Your husband, as a Wood person, will care about things like politics, will always have opinions, and will “rant” because frustration and anger are where Wood people go when they’re stressed. And politics usually stress the Wood personality; the concern that the “wrong” party or person is creating chaos frustrates them. And given what’s going in the world, I can guarantee that you’re not the only household where ranting abounds these days.

I have no idea how long you’ve been married, but the fact that you also know him to be a “beautiful, kind, intelligent, hardworking guy” says that you’ve likely been together a while, so his behaviors probably aren’t a total surprise to you. Rather, I think perhaps they’re wearing on you more heavily now than at previous times because, as you say, you are together 24/7. As a primary Water personality, you will tend to go with the flow more than most, or even let the flow go around you, leaving you unfazed. This will be a real asset for you moving through these coronavirus times.

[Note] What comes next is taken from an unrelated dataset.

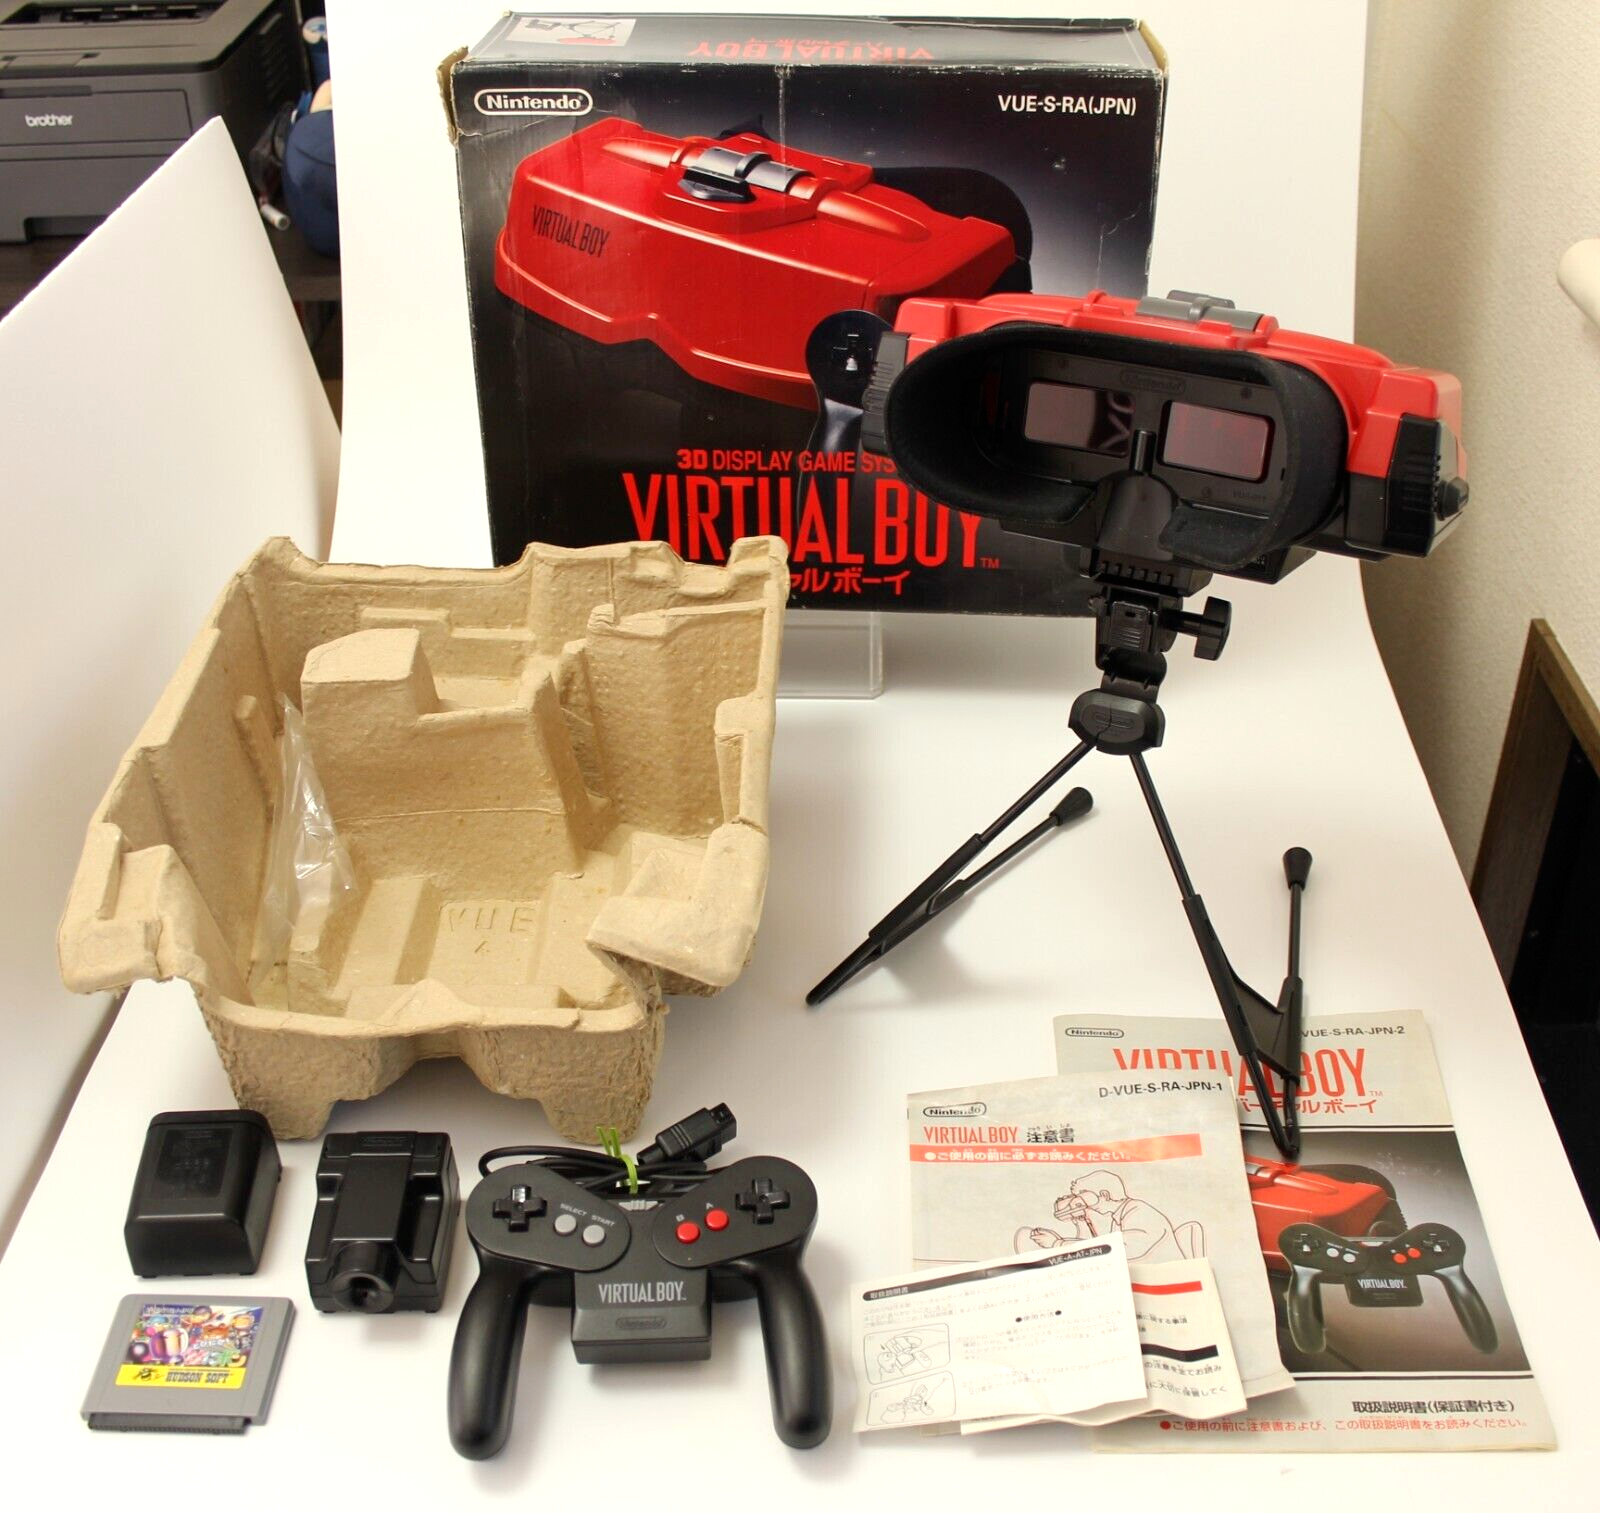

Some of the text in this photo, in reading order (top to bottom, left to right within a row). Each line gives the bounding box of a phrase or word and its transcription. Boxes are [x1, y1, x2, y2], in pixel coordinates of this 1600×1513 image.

Sadly, your laid-back approach isn’t something your Wood personality husband will necessarily understand. Wood people usually try to make things happen, and to do that they often have opinions about everything. The ability of a Water person to be philosophical, to look at a situation like the current pandemic and take an “it is what it is” approach, will be completely foreign to a Wood personality. Hold on to your ability to be philosophical, though. It will serve you well as you navigate the relationship with your husband. And understanding how you two relate is where the Five Elements model can help

In the Five Elements model, Water and Wood relate on the Nurturing Cycle (the big circle in the model below), so this connection can have a nurturing feel to it. Note that I say “can” have a nurturing feeling. How a Nurturing Cycle relationship feels will vary greatly depending on the elements involved, who is “feeding” who, and if the interactions are casual and fun or serious and stressed. In your relationship, it is your Water that is feeding his Wood, so he should feel happy with that.

The Five Elements Model

And as long as you stay balanced so as not to over or under supply the relationship with energy, it can and should be a happy connection. It’s likely that the differences between you and your husband are heightened right now based on what’s going on in the world. Said another way, you’re probably having trouble with the fact that your flow is running smack dab into a wooden wall of ranting and fussiness that interferes with your calm.

There are several ways for you to approach this. First, your Wood personality husband might be surprised to know that his ranting is upsetting you as much as it is, unless you have already told him. Ranting is a natural expression for a frustrated Wood person; it’s an emotional energy release for them that often doesn’t include their brain. If you haven’t already shared with your husband that you’d rather not experience his rants or fussiness, then please do so. Wood people are usually very rational individuals who can comprehend that something they’re doing is a problem. Your husband probably won’t be able to change completely, but at least he’ll understand when you choose to remove yourself from the discussion, the room, or the house when he’s in one of those moods. You doing this might be the encouragement he needs to alter his behavior, too.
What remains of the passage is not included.